Y los aplausos se tornaron despidos: 8.000 sanitarios menos

Esos héroes y heroínas empezaran a conocer las tribulaciones del desempleo mientras se preguntan si mereció la pena arriesgar sus vidas y las de sus familiares más cercanos

Moreno Bonilla inaugurando el monumento homenaje a los sanitarios poco después de no renovar a 8.000

Hubo un tiempo, hace poco más de año y medio, donde todos vimos amenazadas nuestras vidas por un virus desconocido que se había originado en China y empezaba a recorrer el mundo a una velocidad impensable. El miedo a lo desconocido se apoderó de todos nosotros y nuestras  vidas, de pronto, se volvieron vulnerables ante la terrible probabilidad del contagio. Nos sentíamos vulnerables y empequeñecidos ante un riesgo que nunca habíamos podido imaginar y ante la terrible realidad de la muerte de conocidos y amigos. Aquello que semanas antes veíamos como muy lejano estaba ya entre nosotros.

Los hospitales empezaron a llenarse de personas enfermas que en su mayor parte terminaban en las unidades de cuidados intensivos mientras los profesionales sanitarios se veían desbordados por aquella marea mortal ante la que no contaban ni con los más elementales medios de protección, más allá de su propia vocación de servicio público y el amor por su profesión. Los medios de comunicación empezaban a mostrarnos imágenes alarmantes de pasillos de hospitales repletos de personas con síntomas de la enfermedad y de UCI donde se trabajaba desesperadamente para contener el número de víctimas de la desconocida enfermedad.

A medida que el miedo se apoderaba del conjunto de la sociedad el Gobierno de España junto a los de las Comunidades Autónomas trabajaban contra el reloj para procurar dotar al personal sanitario de los medios de protección más elementales que empezaban a escasear en el mercado mundial por la rápida transmisión del virus. La palabra EPI se incorporó a nuestro vocabulario cotidiano al ver como el personal sanitario hacía frente al virus en muchas ocasiones recurriendo a medios impensables como las bolsas de basura. Eran días difíciles y nunca terminaremos de agradecer el trabajo de nuestro personal sanitario, médicos, enfermeras, auxiliares, celadores, técnicos de emergencias, en fin todos aquellas y aquellos héroes anónimos que empezaban a quedar fijados en nuestras mentes.

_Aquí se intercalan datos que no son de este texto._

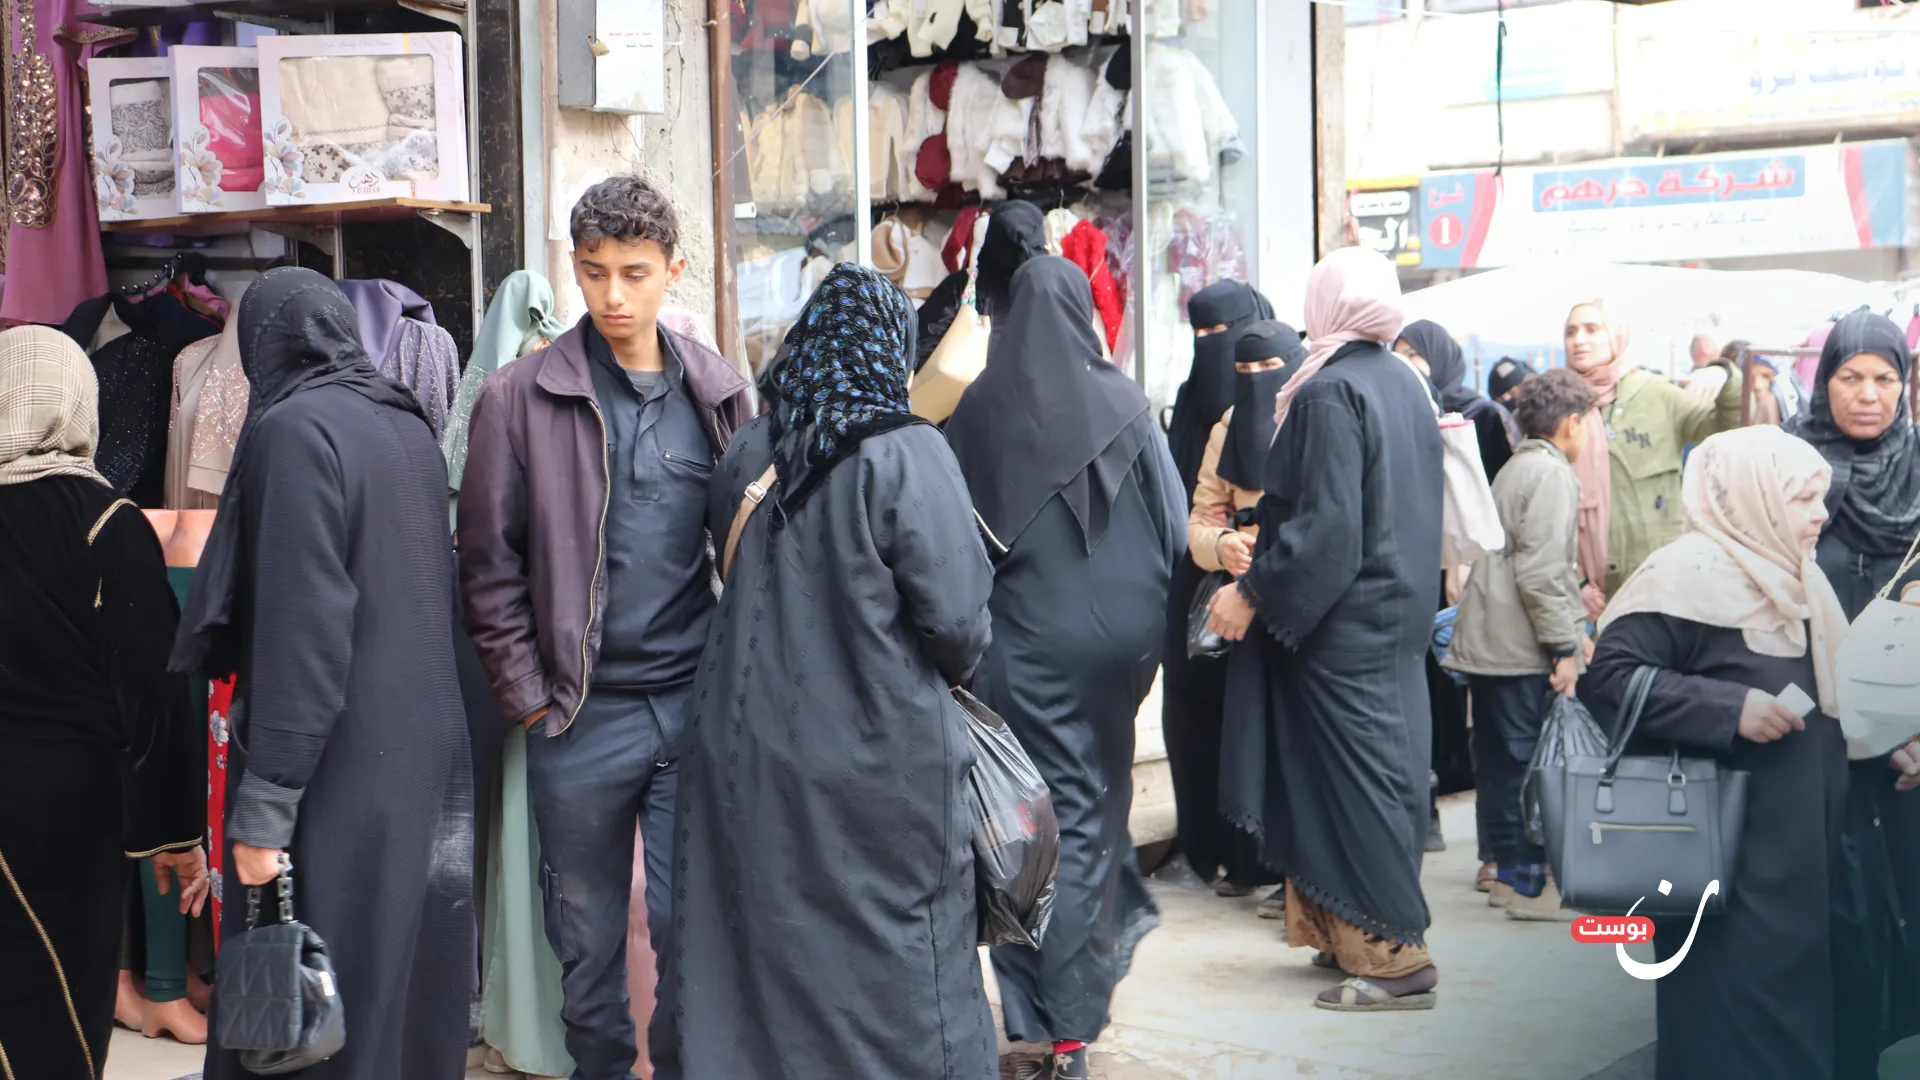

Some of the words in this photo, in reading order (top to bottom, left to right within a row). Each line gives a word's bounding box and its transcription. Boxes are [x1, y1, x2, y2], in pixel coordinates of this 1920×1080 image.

Ocurrió que el Gobierno ante el avance imparable del virus decidió el confinamiento de la población en general salvo aquellos que se consideraron trabajadores esenciales, entre ellos y muy especialmente el personal sanitario para el que no había tregua. Empezaron a llegar las primeras bajas por contagio de muchos de quienes estaban en la primera línea de fuego sobre todo en los hospitales. La sociedad en general quiso reconocer ese trabajo de quienes sin la protección adecuada en muchas ocasiones trabajaban día y noche, en ocasiones prolongando turnos, para salvar vidas y cada tarde a las ocho salíamos a nuestras terrazas, balcones y ventanas para aplaudir y dar ánimos a esos nuevos héroes y heroínas.

Pero si hay memorias frágiles ninguna como la de los gobernantes, en Madrid mucho antes de que la ciencia consiguiera poner coto a la pandemia, los héroes y heroínas de Ifema y tantos otros hospitales empezaron a ver peligrar su empleo como soldados supervivientes de una guerra que ayudaron a ganar. Díaz Ayuso marcó el camino que ahora toma el presidente andaluz Juanma Moreno quien hace menos de diez días afirmaba que no habría despidos entre los 20.000 sanitarios que se habían batido el cobre, con riesgo para su propia vida, en esa batalla sin cuartel que se había librado en todos los hospitales andaluces.

Pocos días más tarde  esa promesa en sede parlamentaria a preguntas de la portavoz socialista Ángeles Ferriz ha perdido todo su valor y hoy la auténtica realidad es que los aplausos empiezan a tornarse en despidos como si de veteranos de guerra se tratara. Ocho mil de esos héroes y heroínas empezaran a conocer las tribulaciones del desempleo mientras se preguntan si mereció la pena arriesgar sus vidas y las de sus familiares más cercanos. Una vez apagado el eco de los aplausos el silencio se empezará a apoderar de sus expectativas laborales hasta que un rebrote de la enfermedad, Dios no lo quiera, u otro virus desconocido les vuelva a ofrecer la oportunidad de la heroicidad anónima.

Mientras tanto el presidente andaluz inaugura estatuas al personal sanitario como si de un homenaje al soldado desconocido se tratara mientras su solemne promesa empieza a dormir en el cajón de lo que pudo haber sido y no fue para ocho mil hombres y mujeres a los que la gente normal estaremos eternamente agradecidos, porque como afirmó Churchill: nunca tantos debieron tanto a tan pocos.